The Affordable Care Act "Employer Mandate": Are you Prepared for 2015?

Lozano Smith Client News Brief
December 2014
Number 92

In 2015, the "employer mandate" of the federal Affordable Care Act (ACA) goes into effect. Under this mandate, large employers that do not offer ACA-compliant insurance coverage to full-time employees may be subject to penalties under section 4980H of the Internal Revenue Code, also known as an "assessable payment" or a "shared responsibility payment." Employers will also need to start collecting relevant information in the 2015 calendar year in order to satisfy their Internal Revenue Service (IRS) and employee reporting requirements in 2016. This Client News Brief serves as a reminder of some of these upcoming requirements.

The Employer Mandate
The ACA requires "applicable large employers," or employers with at least 50 full-time or full-time equivalent employees, to offer affordable, minimum value, minimum essential health care coverage to eligible employees and their dependents or risk paying penalties. The ACA includes two types of penalty calculations:

(1) Failure to offer coverage (26 U.S.C. § 4980H(a))

(2) Coverage offered is unaffordable or does not provide minimum value (26 U.S.C. § 4980H(b))
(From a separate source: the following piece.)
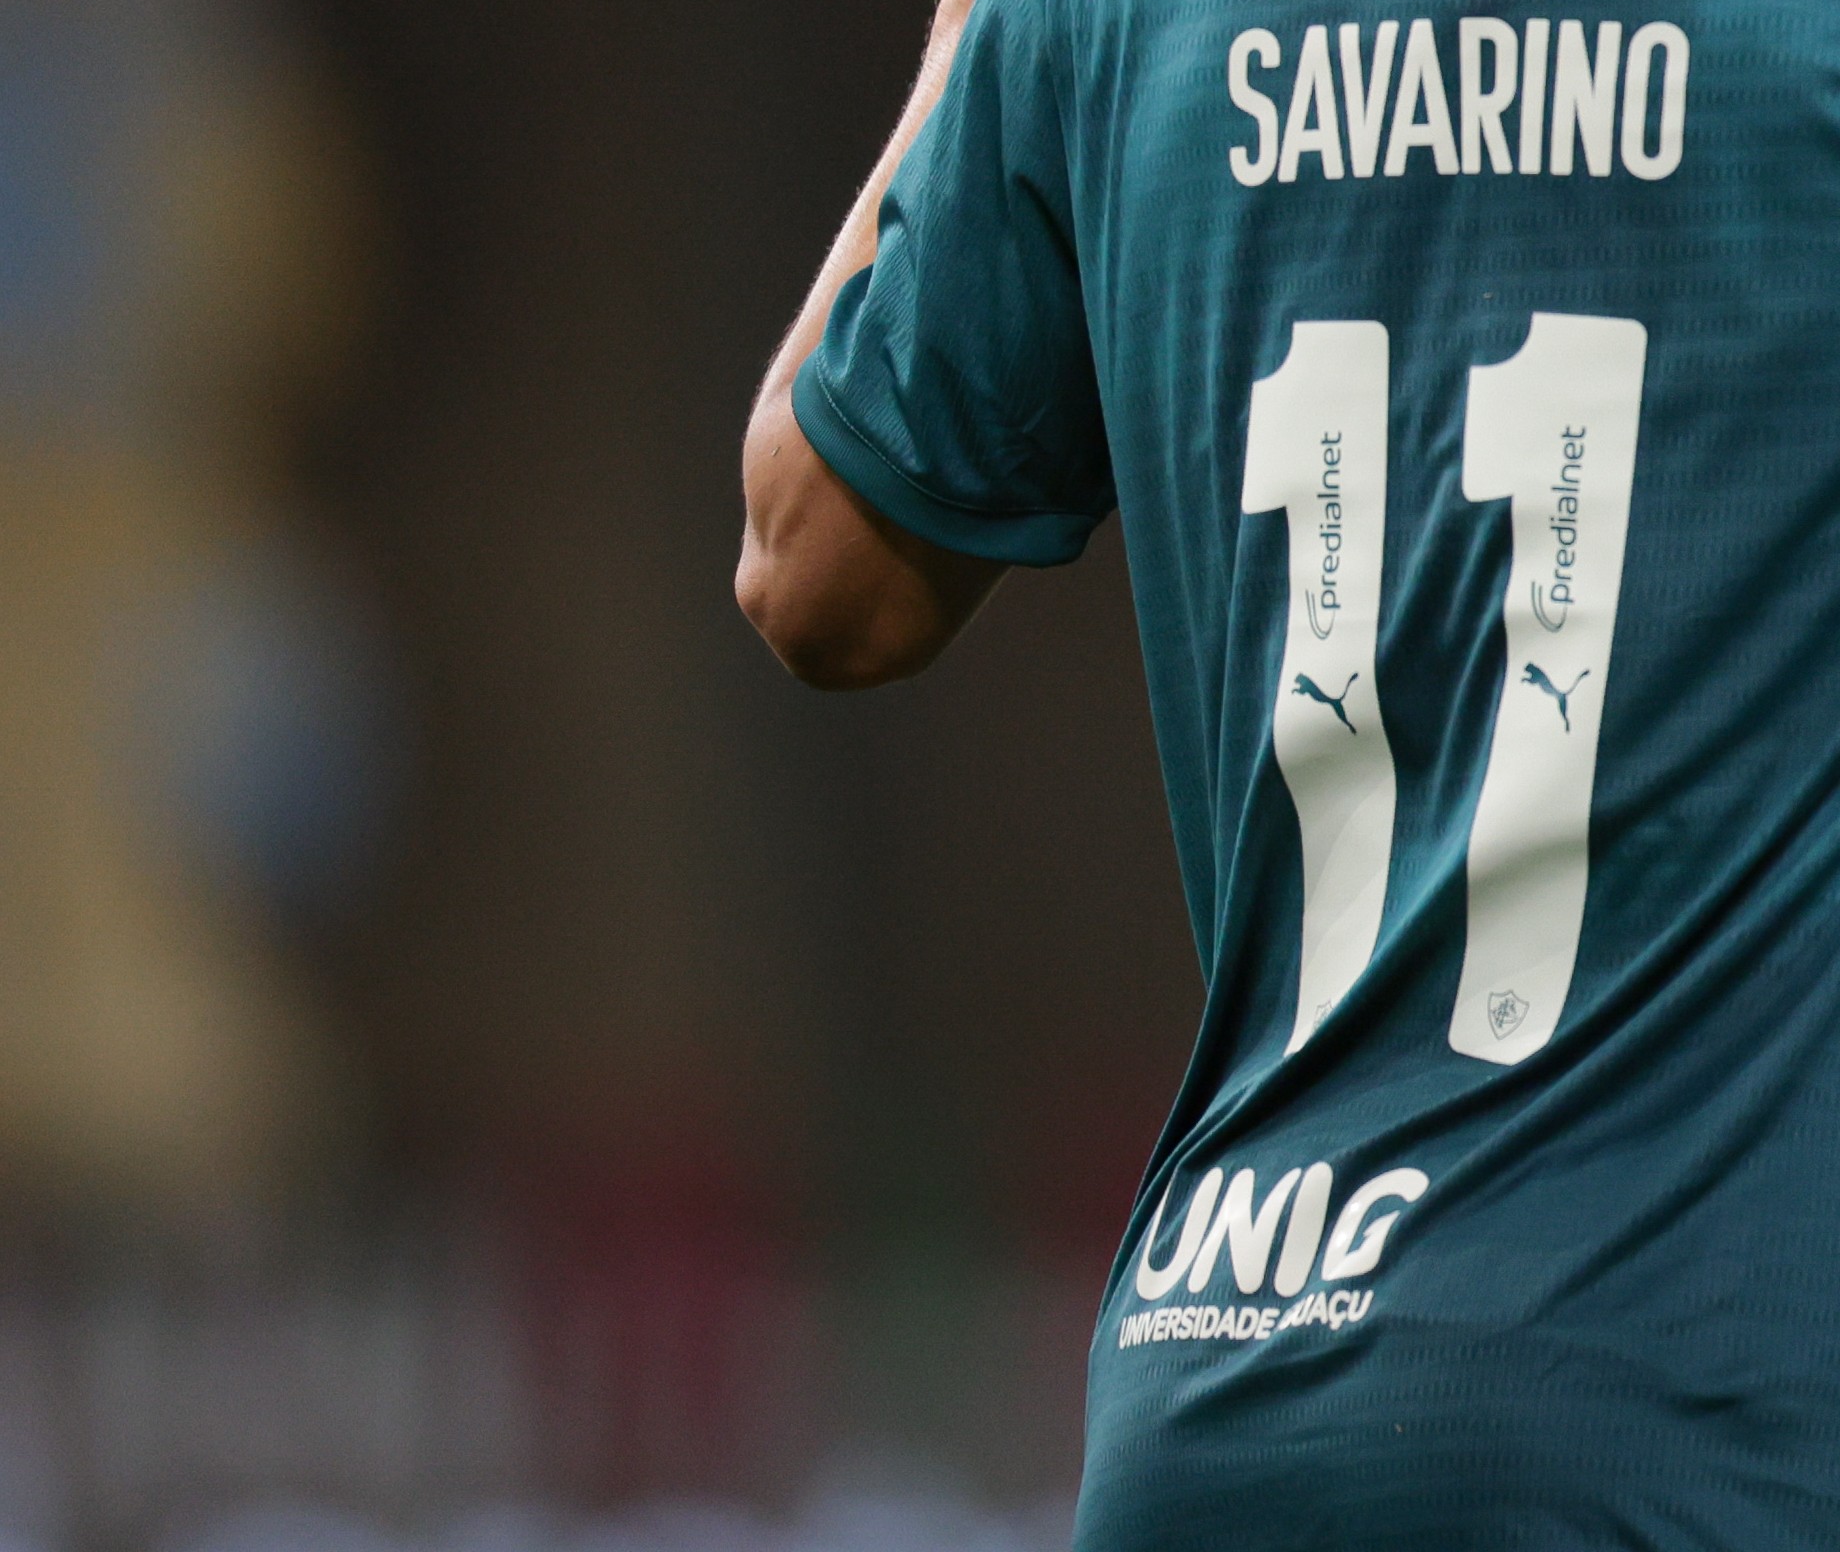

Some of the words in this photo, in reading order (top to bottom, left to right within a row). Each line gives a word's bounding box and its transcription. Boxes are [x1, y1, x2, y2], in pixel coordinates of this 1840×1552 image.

These penalties are triggered if one or more full-time employees receive a premium tax-credit or cost-sharing reduction for coverage through enrollment in California's state-based "exchange"- Covered California. If an employee enrolls in an employer-sponsored minimum essential coverage plan, then the employee will not qualify for a tax-credit or cost-sharing reduction. Note that the ACA prohibits an employer from retaliating against an employee because he or she has received a tax-credit or cost-sharing reduction.

Currently, a full-time employee under the ACA is an employee that works an average of 30 or more hours per week or 130 hours per month. The ACA contains two methods to calculate hours of service for employees, including employees that work varying schedules:

(1) A monthly measurement period whereby an employer determines each employee's status as a full-time employee by counting the employee's hours of service for each calendar month; and

(2) A look-back measurement period whereby an employer determines an employee's full-time status during a future period ("stability period") based upon the employee's hour of service in a prior period ("measurement period").

The final regulations regarding the employer mandate, which were issued by the IRS on February 12, 2014, offer some transitional relief to employers for the 2015 plan year. For example,

  • Applicable large employers with 50-99 employees will not be subject to certain penalties for the 2015 plan year as long as they meet certain conditions.

  • Employers with 100 or more employees that offer ACA-compliant coverage to 70% of their full-time employees for the 2015 plan year will not be subject to a penalty for failure to offer coverage. Beginning in 2016, this number will rise from 70% to 95%. Note that this transitional relief for employers with 100 employees or more does not include relief from the penalties for offering coverage that is unaffordable or does not provide minimum value.


Additional forms of transitional relief included in the regulations address such issues as non-calendar year plans, offers of coverage to dependents, and offers of coverage in January 2015. To view the complete draft of the final regulations implementing employer shared responsibility, please visit the IRS Employer Shared Responsibility Web Page.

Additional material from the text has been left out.